La commission spéciale de l’Assemblée nationale en charge de l’examen du projet de loi Climat et Résilience a abordé, ces 14 et 15 mars, la dizaine d’articles consacrés à la rénovation énergétique des bâtiments, compris dans le titre IV, intitulé "Se loger". En attendant de nouvelles annonces en séance sur la question des aides et de l’accompagnement des ménages aux travaux de rénovation énergétique promises par la ministre Emmanuelle Wargon, des ajouts notables sont d’ores et déjà à relever suite à l’examen du texte en commission, la plupart portés par le rapporteur du titre, Mickaël Nogal, et quelques-uns directement inspirés de la récente mission parlementaire sur la rénovation thermique des bâtiments. 
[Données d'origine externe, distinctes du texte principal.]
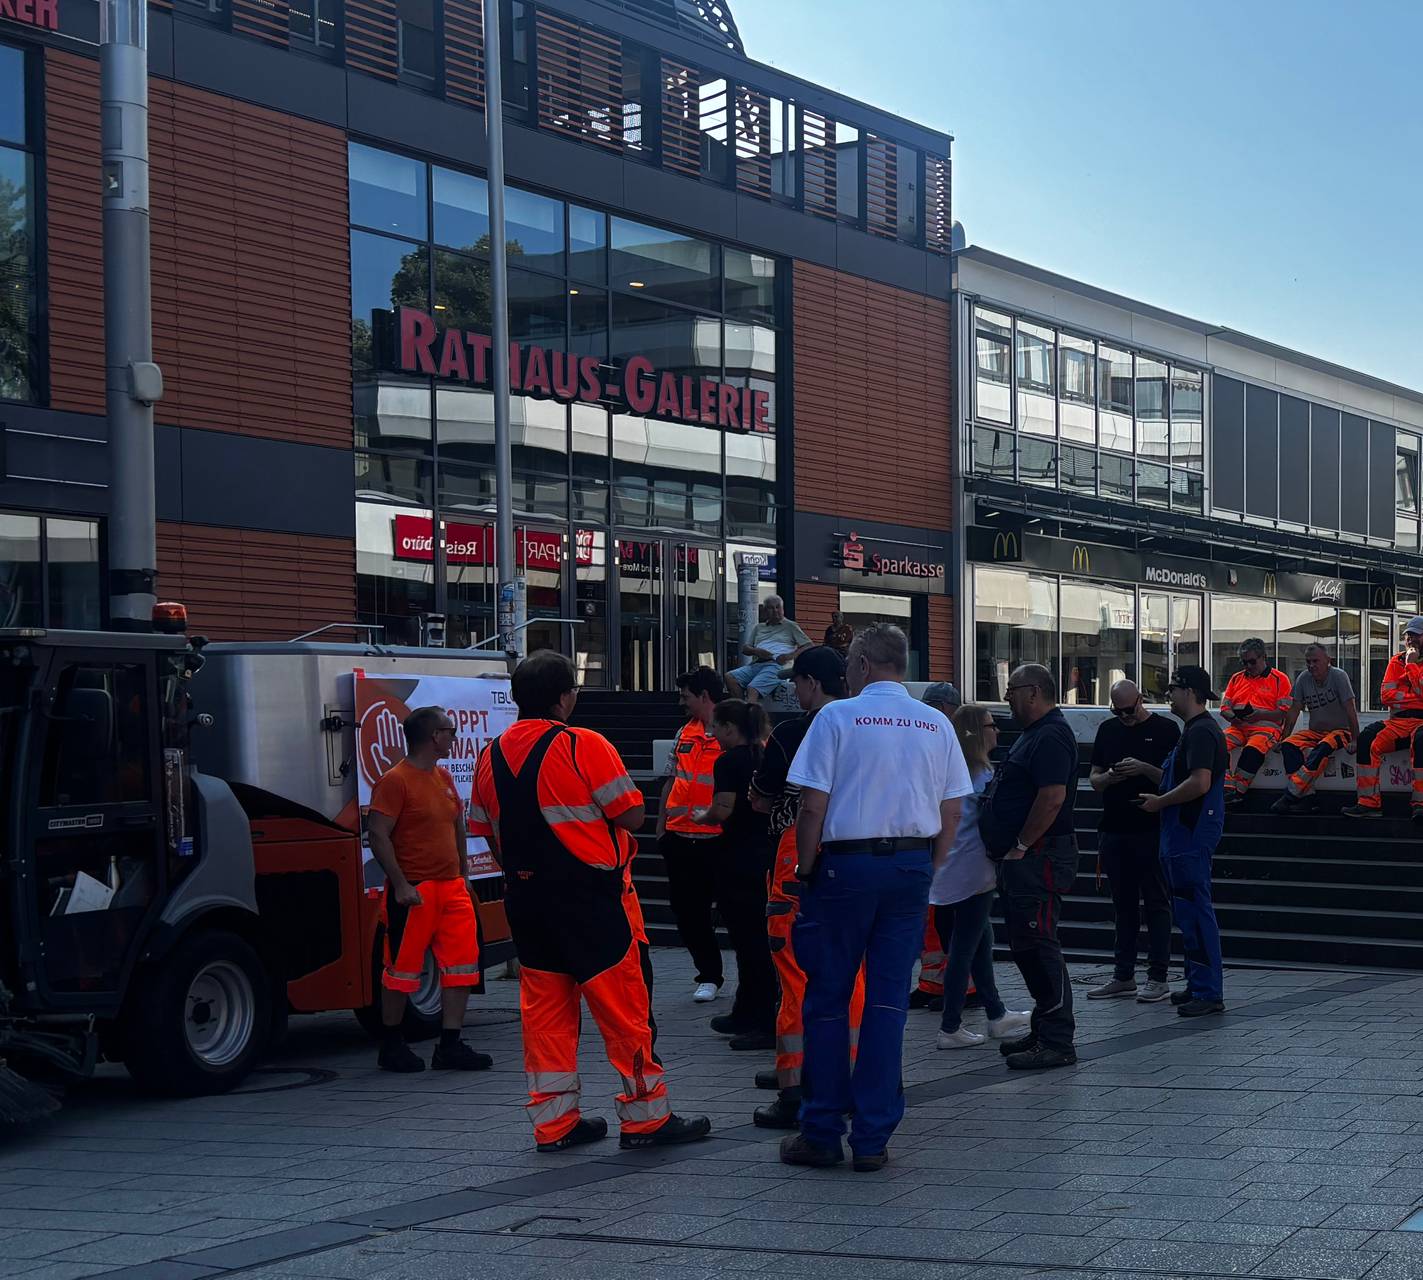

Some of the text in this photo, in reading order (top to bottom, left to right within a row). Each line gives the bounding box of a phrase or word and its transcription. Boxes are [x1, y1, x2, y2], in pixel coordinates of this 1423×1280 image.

La commission spéciale de l’Assemblée nationale en charge de l’examen du projet de loi Climat et Résilience a abordé, ces 14 et 15 mars, la dizaine d’articles consacrés à la rénovation énergétique des bâtiments, compris dans le titre IV, intitulé "se loger", qui se consacre également pour moitié à la lutte contre l’artificalisation des sols, sur laquelle nous reviendrons ultérieurement. Sur ce volet très attendu du texte rien n’est encore joué, la ministre déléguée au Logement, Emmanuelle Wargon, pressée par l’ensemble des groupes, ayant promis des annonces sur la question des aides et de l’accompagnement des ménages aux travaux de rénovation énergétique, lors du passage dans l’hémicycle, au prisme des conclusions de la mission Sichel attendues ce 17 mars. Des ajouts notables sont d’ores et déjà à relever suite à l’examen du texte en commission, la plupart portés par le rapporteur du titre Mickaël Nogal (LREM, Haute-Garonne) et quelques-uns directement inspirés de la récente mission parlementaire sur la rénovation thermique des bâtiments (lire notre article du 10 février 2021). 

 

RENOVER LES BATIMENTS (CHAPITRE I)

  • Définition des niveaux de performance des DPE (article 39 et articles additionnels)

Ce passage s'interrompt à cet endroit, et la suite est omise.